Dataset entries:

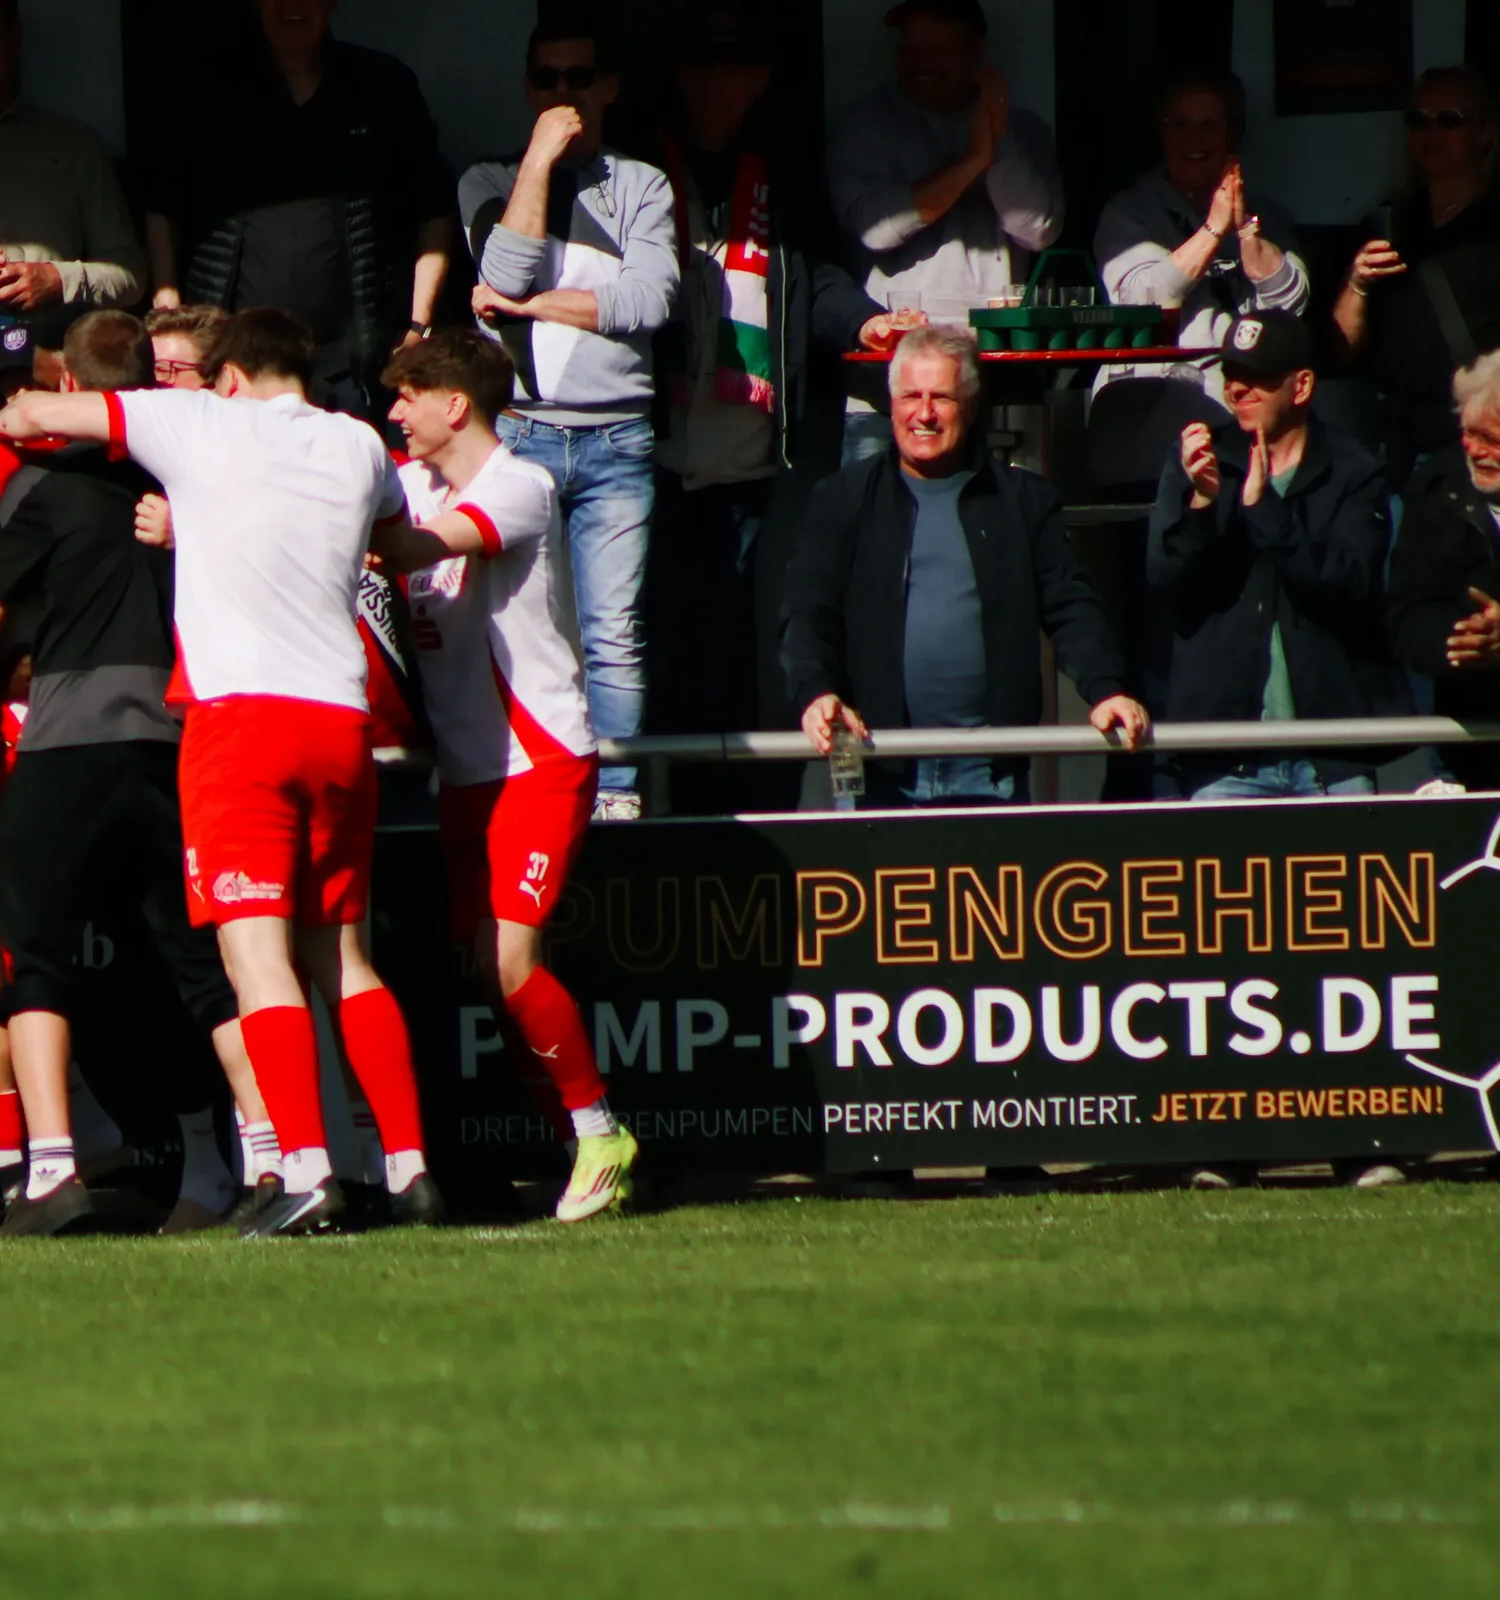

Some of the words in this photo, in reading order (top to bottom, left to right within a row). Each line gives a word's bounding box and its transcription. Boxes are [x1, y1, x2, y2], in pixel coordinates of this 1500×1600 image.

[526, 852, 549, 882] 37
[455, 852, 1436, 976] PUMPENGEHEN
[459, 975, 1441, 1079] PMP-PRODUCTS.DE
[461, 1106, 814, 1146] DREHBENPUMPEN
[824, 1101, 962, 1133] PERFEKT
[973, 1095, 1141, 1129] MONTIERT.
[1152, 1092, 1247, 1122] JETZT
[1256, 1086, 1444, 1118] BEWERBEN!

PROBLEM DESCRIPTION: Each record above is to be copied out exactly; its pictures are not.

RESPONSE TO THIS EXERCISE:
Some of the words in this photo, in reading order (top to bottom, left to right within a row). Each line gives a word's bounding box and its transcription. Boxes are [x1, y1, x2, y2], in pixel coordinates of this 1500×1600 image.

[526, 852, 549, 882] 37
[455, 852, 1436, 976] PUMPENGEHEN
[459, 975, 1441, 1079] PMP-PRODUCTS.DE
[461, 1106, 814, 1146] DREHBENPUMPEN
[824, 1101, 962, 1133] PERFEKT
[973, 1095, 1141, 1129] MONTIERT.
[1152, 1092, 1247, 1122] JETZT
[1256, 1086, 1444, 1118] BEWERBEN!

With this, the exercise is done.